The consultation lists a series of potential detriments. The detriments identified appear rather specific to certain types of products while the guidance purports to apply generally to insurance. For example, it is difficult to understand how motor vehicle insurance, homeowners insurance or business owners insurance impede mobility (yet these would be the vast majority of insurance contracts that would be subject to these guidelines). In fact, policyholders can (and do) quickly and without significant (if any) penalty terminate those contracts.

The detriments list also appears to assume that the consumer is able to make objective and well-informed judgments about the specific mortality, disability, property and casualty risks that the consumer faces. It seems highly unlikely that an insurance customer would consult a mortality table, windstorm model or crash safety ratings before deciding whether it is prudent to insure against those risks. Even a highly sophisticated customer would appear unlikely equipped to make such a judgment. While there may be certain products where an overconsumption risk may arise, the guidance has not endeavored to described where that risk, in EIOPA’s view, may occur. Absent such a safeguard, there is real risk that the guidelines could overshoot especially outside of the investment product space.

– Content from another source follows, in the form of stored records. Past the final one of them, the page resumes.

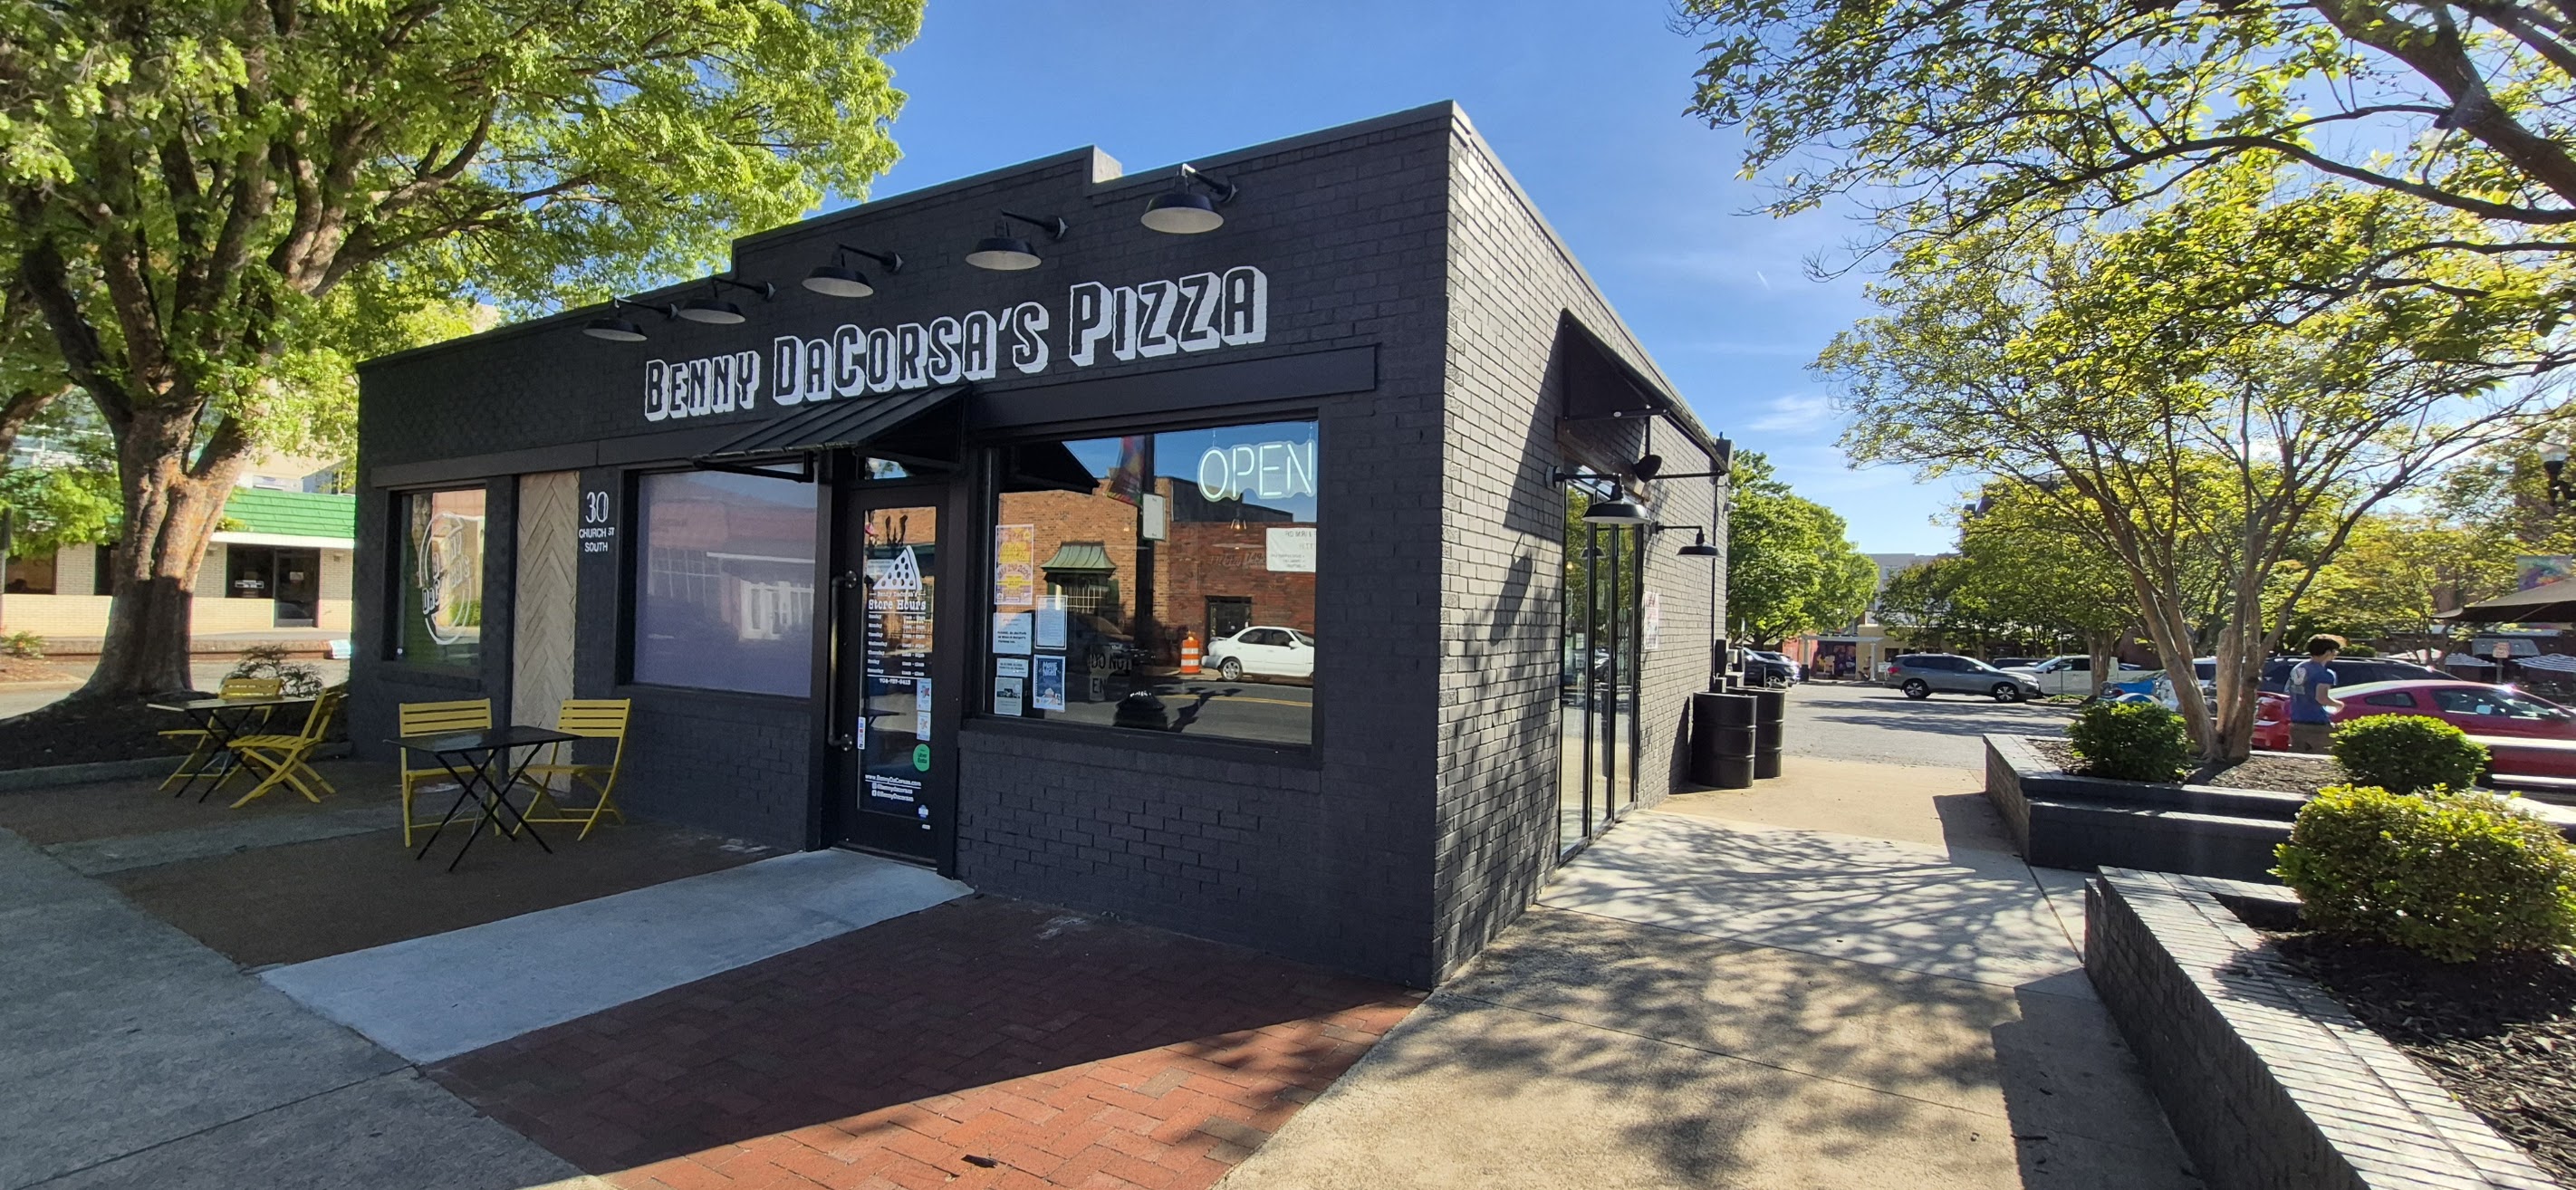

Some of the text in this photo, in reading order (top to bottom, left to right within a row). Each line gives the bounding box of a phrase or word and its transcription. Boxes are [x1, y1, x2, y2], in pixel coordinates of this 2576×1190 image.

[645, 350, 761, 422] BENNY
[1069, 266, 1268, 367] PIZZA
[1200, 442, 1312, 499] OPEN
[585, 491, 609, 523] 30
[579, 527, 615, 538] CHURCH ST
[584, 542, 608, 552] SOUTH
[868, 599, 926, 609] Store Hours

The consultant’s list of detriments lead one to the conclusion that, in fact, the drafters have only insurance-based investment products in mind when considering the propriety of these guidelines. If that is the case, then the guidelines should be limited to that scope. If not, then considerable more should be invested in exploring the intended and unintended consequences of applying these guidelines more broadly.
The guidelines would require the distributor to provide the price of both the package and its component parts in the case of either a bundled package (where the component parts are available separately) or a tied package (where they are not). It appear logically inconsistent to mandate the provision of a separate price for a component part that is not – by definition - separately available. Setting aside the cost of developing and providing this information, there appears no use to which the consumer could put this information.

In fact, the series of guidelines make no distinction between “tied” and “bundled” product offerings other than with respect to the last two paragraphs of Guideline 7 (relating to optionality). It seems implausible that tied and bundled insurance products should be regulated in exactly the same manner other than with respect to the presentation of the fact of optionality.

This series of guidelines makes it abundantly obvious that the concepts of “bundled”, “tied,” “packaged,” and “component” must be clearly demarcated – and done so in the context of insurance. The current lack of practical insurance-based definitions is certain to create confusion, inconsistency and diminution of the chance that these guidelines may serve their stated objectives.

In conclusion, we respectfully submit that the joint consultation is not an appropriate vehicle for EIOPA to pursue outside of insurance-based investment products because (a) there is no legal authority for such a broad consultation; and (b) insufficient consideration has been given to the risks that the guidelines proposed in this consultation present to non-life insurance products and pure protection life insurance products.